» TASK: In the copy, include no pictures, but reproduce every record exactly.

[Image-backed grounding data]
====

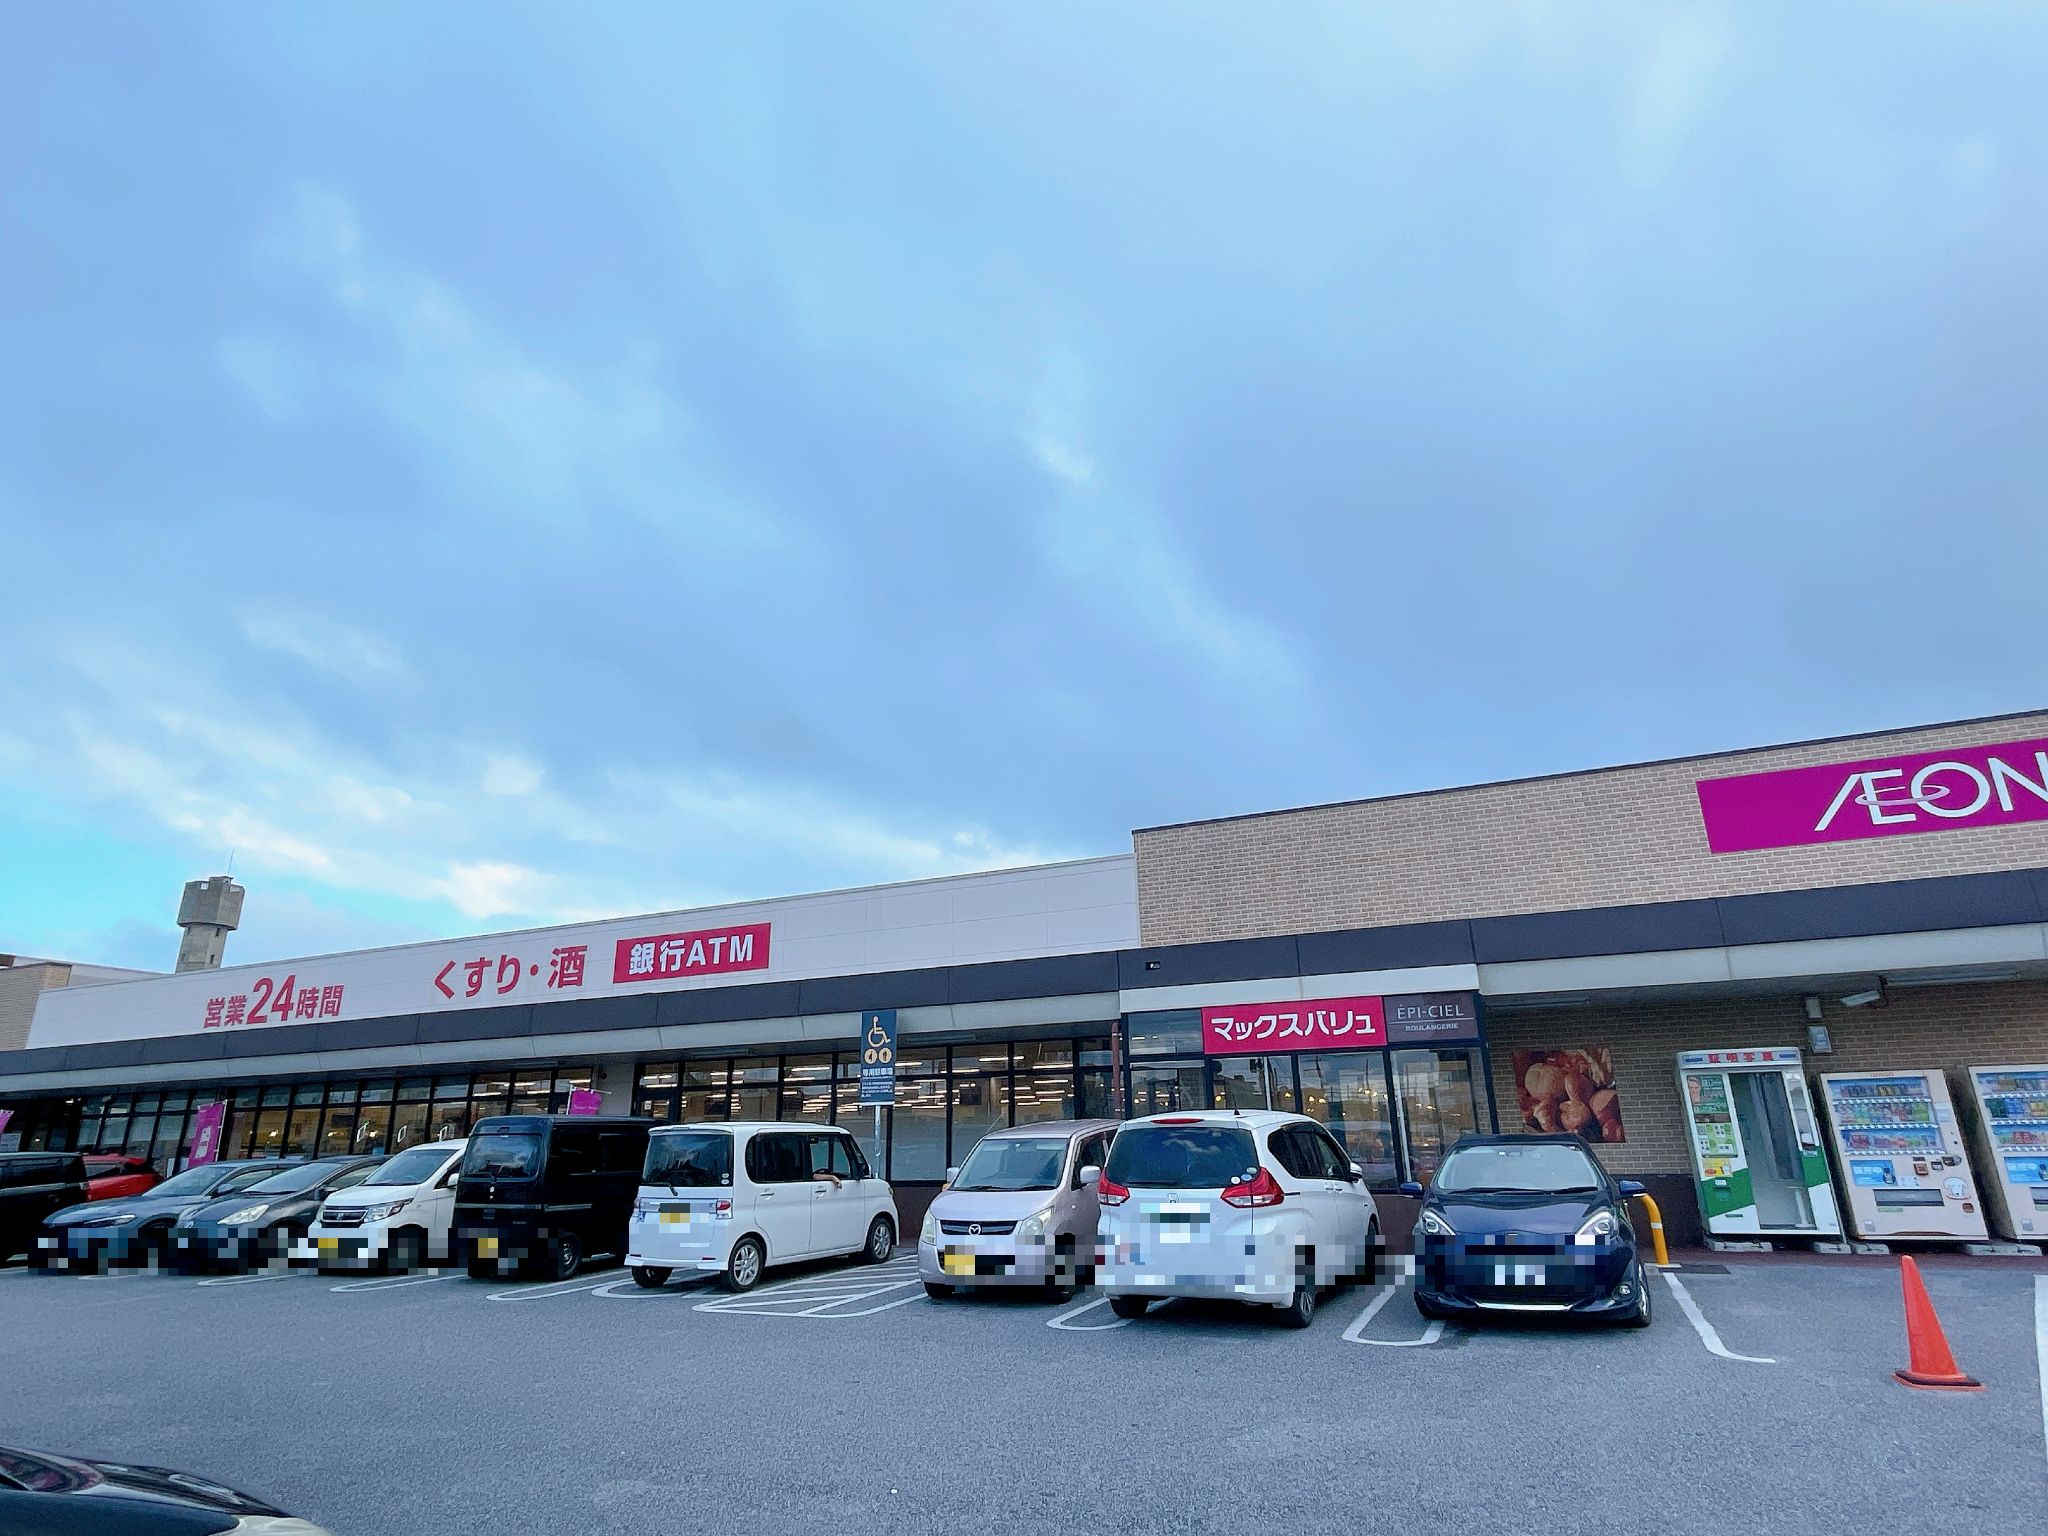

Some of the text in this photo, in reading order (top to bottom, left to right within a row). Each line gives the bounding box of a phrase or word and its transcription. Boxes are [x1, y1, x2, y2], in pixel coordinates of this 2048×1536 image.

[434, 945, 588, 1000] くすり・酒
[629, 934, 753, 975] 銀行ATM
[203, 974, 345, 1029] 営業24時間
[1211, 1010, 1376, 1041] マックスバリュ
[1405, 1022, 1459, 1032] BOULANGERIE
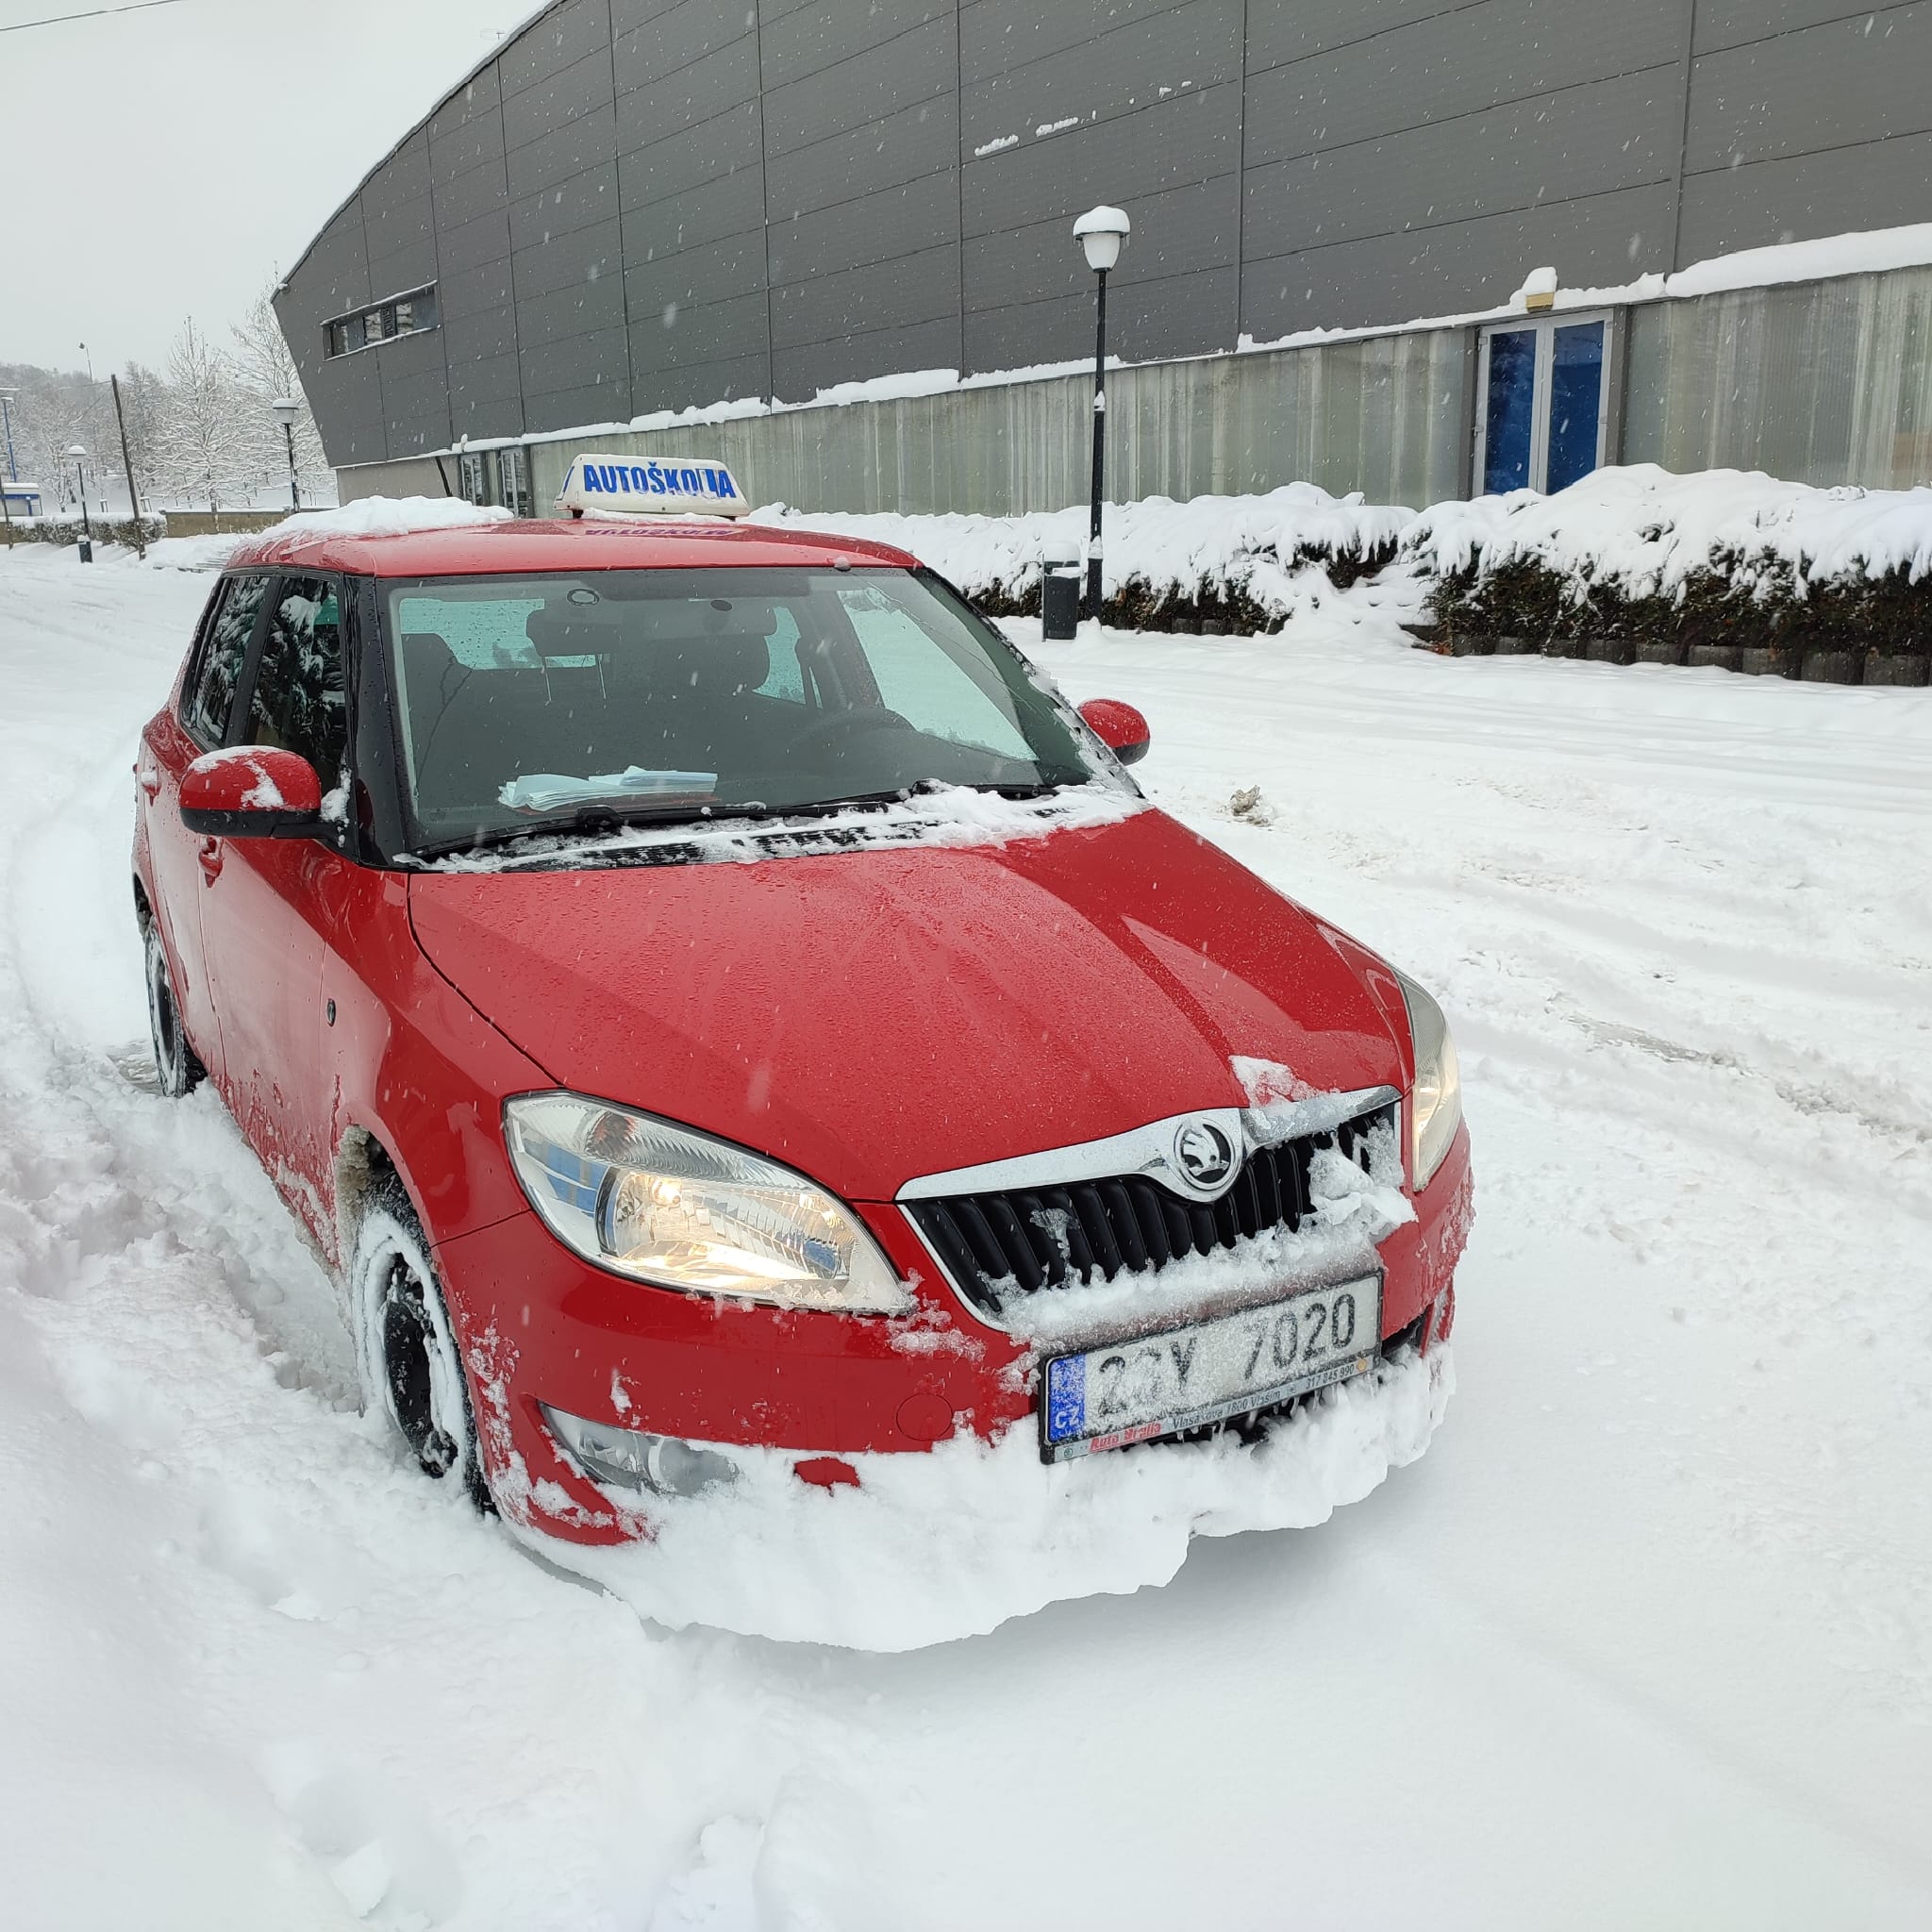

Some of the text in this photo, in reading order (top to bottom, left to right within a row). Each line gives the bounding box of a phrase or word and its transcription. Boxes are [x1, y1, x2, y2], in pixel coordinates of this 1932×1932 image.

[583, 461, 737, 499] AUTOŠKOLA
[1244, 1293, 1356, 1380] 7020
[1055, 1404, 1080, 1429] CZ

====

» RESULT OF THIS TASK:
Some of the text in this photo, in reading order (top to bottom, left to right within a row). Each line gives the bounding box of a phrase or word and its transcription. Boxes are [x1, y1, x2, y2], in pixel coordinates of this 2048×1536 image.

[434, 945, 588, 1000] くすり・酒
[629, 934, 753, 975] 銀行ATM
[203, 974, 345, 1029] 営業24時間
[1211, 1010, 1376, 1041] マックスバリュ
[1405, 1022, 1459, 1032] BOULANGERIE

Some of the text in this photo, in reading order (top to bottom, left to right within a row). Each line gives the bounding box of a phrase or word and its transcription. Boxes are [x1, y1, x2, y2], in pixel coordinates of this 1932×1932 image.

[583, 461, 737, 499] AUTOŠKOLA
[1244, 1293, 1356, 1380] 7020
[1055, 1404, 1080, 1429] CZ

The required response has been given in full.